Consumer Price Index

College Textbooks Regression Model

Mike Reese(1)

The College textbooks item category has been in the Consumer Price Index (CPI) since 1964. College textbooks, along with Elementary/high school textbooks, and Reference books make up the Consumer Price Index aggregate index Educational books and supplies. Educational books and supplies had a relative importance of .196 in the CPI-U All Items, as of December 1999. The Educational books and supplies index is published monthly at the U.S. level, while none of the aggregate's three components are published.
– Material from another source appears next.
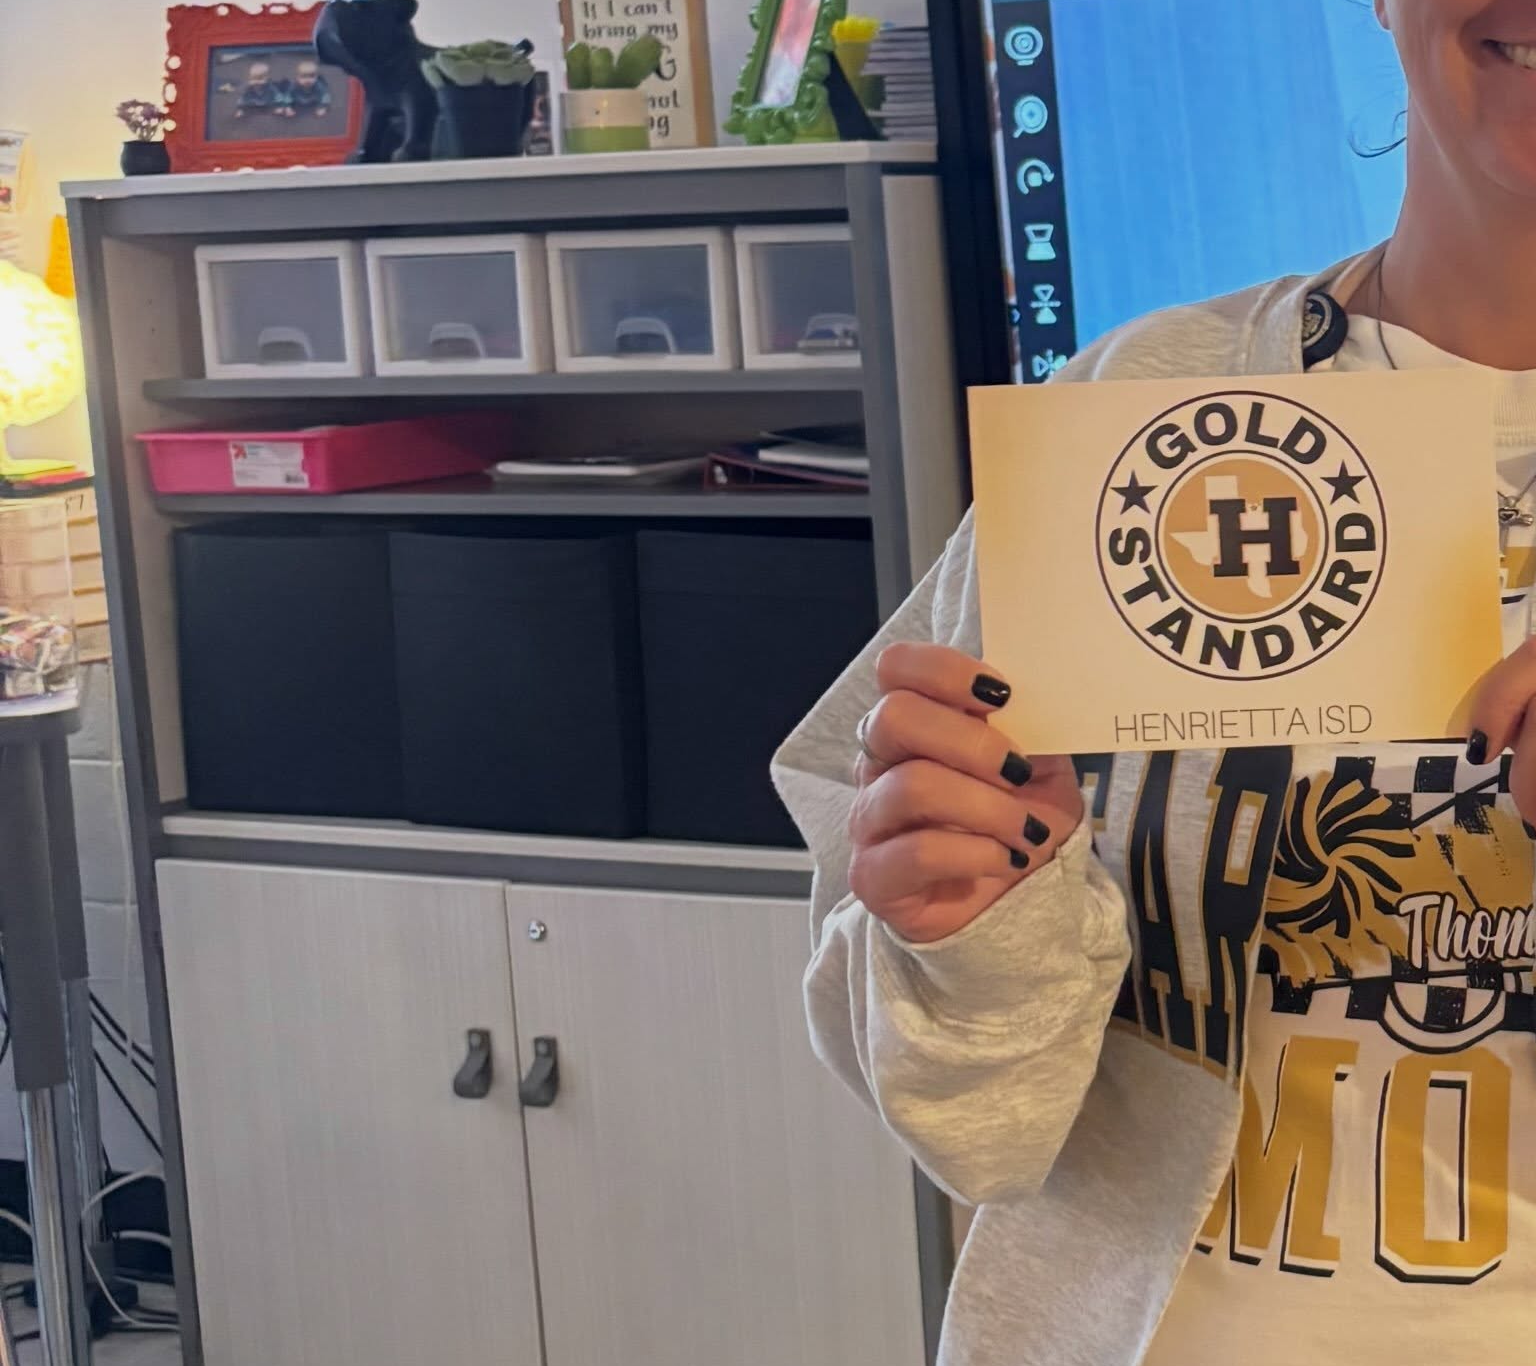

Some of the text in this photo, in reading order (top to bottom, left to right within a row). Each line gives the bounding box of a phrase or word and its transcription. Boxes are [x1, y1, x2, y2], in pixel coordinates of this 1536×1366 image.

[1144, 401, 1327, 470] GOLD
[1209, 497, 1301, 577] H
[1108, 512, 1376, 671] STANDARD
[1115, 704, 1373, 744] HENRIETTA ISD
College textbooks is by far the largest component.

College textbooks

includes any book, which, according to the outlet, has been designated by the college, department, or professor, as a required text for a course offered by the college during the academic period. Only new books are priced. Used books are included in the item category's weight, but excluded from pricing to avoid the difficulty finding comparable items over time.

College textbooks

has a relatively high number of replacements (which occur when the book that has been followed is no longer sold in the outlet) and in many cases the replacement is not comparable to its predecessor. For example, over the one year time period from June 1998 to May 1999, the CPI priced a total of 948 quotes for the College textbook category. From this full year of quotes, 113 quotes (12%) were replacements. Of the 113 replacements, 40 quotes (35%) were deemed to be either comparable or able to be quality adjusted, and thus could be used in the CPI. The remaining 73 quotes (65%) were not comparable, and were deemed to be eligible for other processing where estimated price change is used based on price movement of comparable replacement items. Ultimately, this meant that 1 out of every 13 priced quotes in this item category over the course of a year were non-comparable replacements. These figures led to the conclusion that College textbooks more than qualified as a candidate for hedonic regression analysis.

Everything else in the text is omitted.